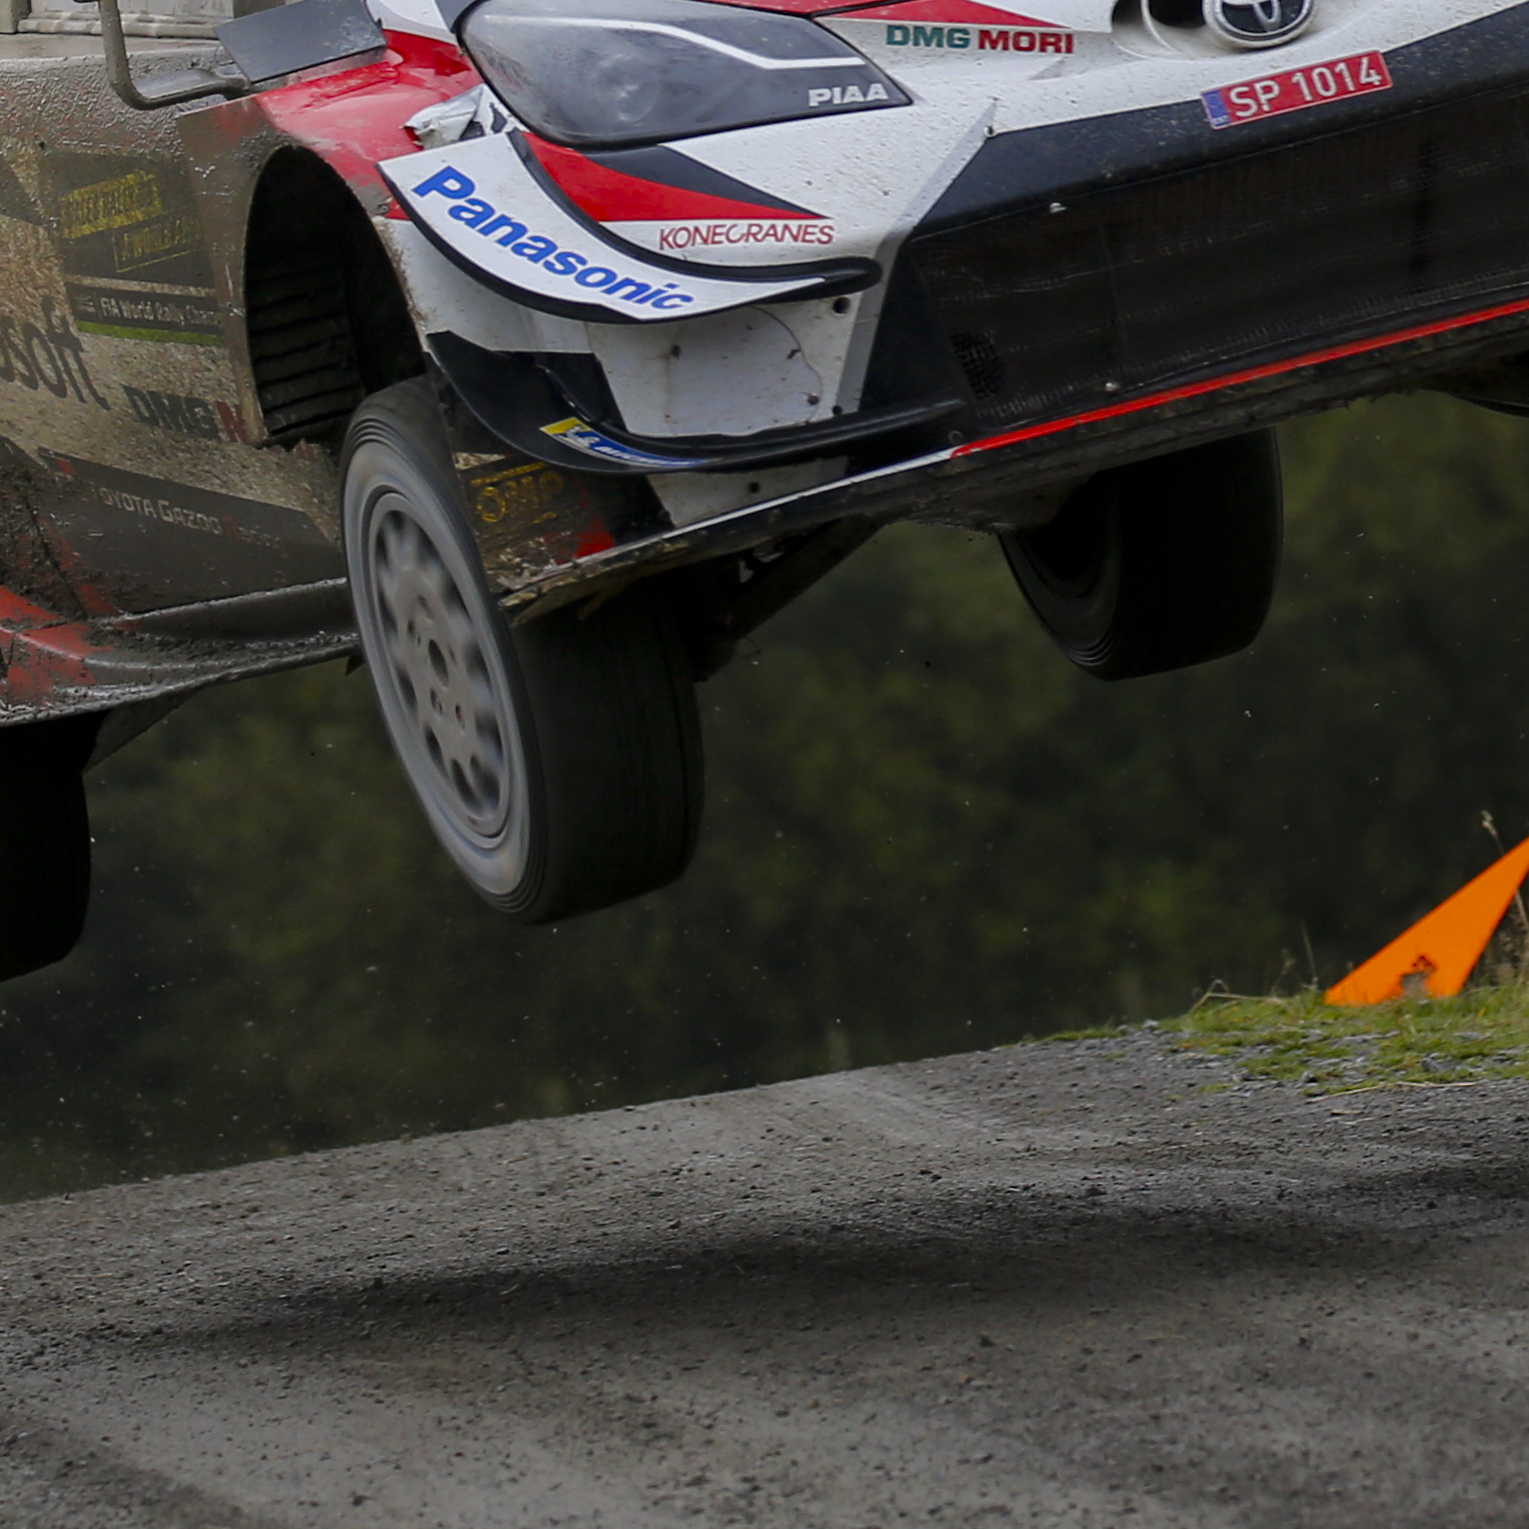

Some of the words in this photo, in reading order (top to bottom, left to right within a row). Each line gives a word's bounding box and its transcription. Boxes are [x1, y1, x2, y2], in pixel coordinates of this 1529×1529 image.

[886, 25, 970, 49] DMG
[978, 30, 1074, 54] MORI
[808, 83, 889, 107] PIAA
[1229, 80, 1281, 118] SP
[1290, 56, 1383, 103] 1014
[412, 165, 695, 310] Panasonic
[659, 224, 835, 251] KONECRANES
[122, 384, 220, 441] DMG

====================

▶ _Exercise aim_
Set aside the pictures. Then return every line of the material above verbatim.

▶ _Written answer_
Some of the words in this photo, in reading order (top to bottom, left to right within a row). Each line gives a word's bounding box and its transcription. Boxes are [x1, y1, x2, y2], in pixel coordinates of this 1529×1529 image.

[886, 25, 970, 49] DMG
[978, 30, 1074, 54] MORI
[808, 83, 889, 107] PIAA
[1229, 80, 1281, 118] SP
[1290, 56, 1383, 103] 1014
[412, 165, 695, 310] Panasonic
[659, 224, 835, 251] KONECRANES
[122, 384, 220, 441] DMG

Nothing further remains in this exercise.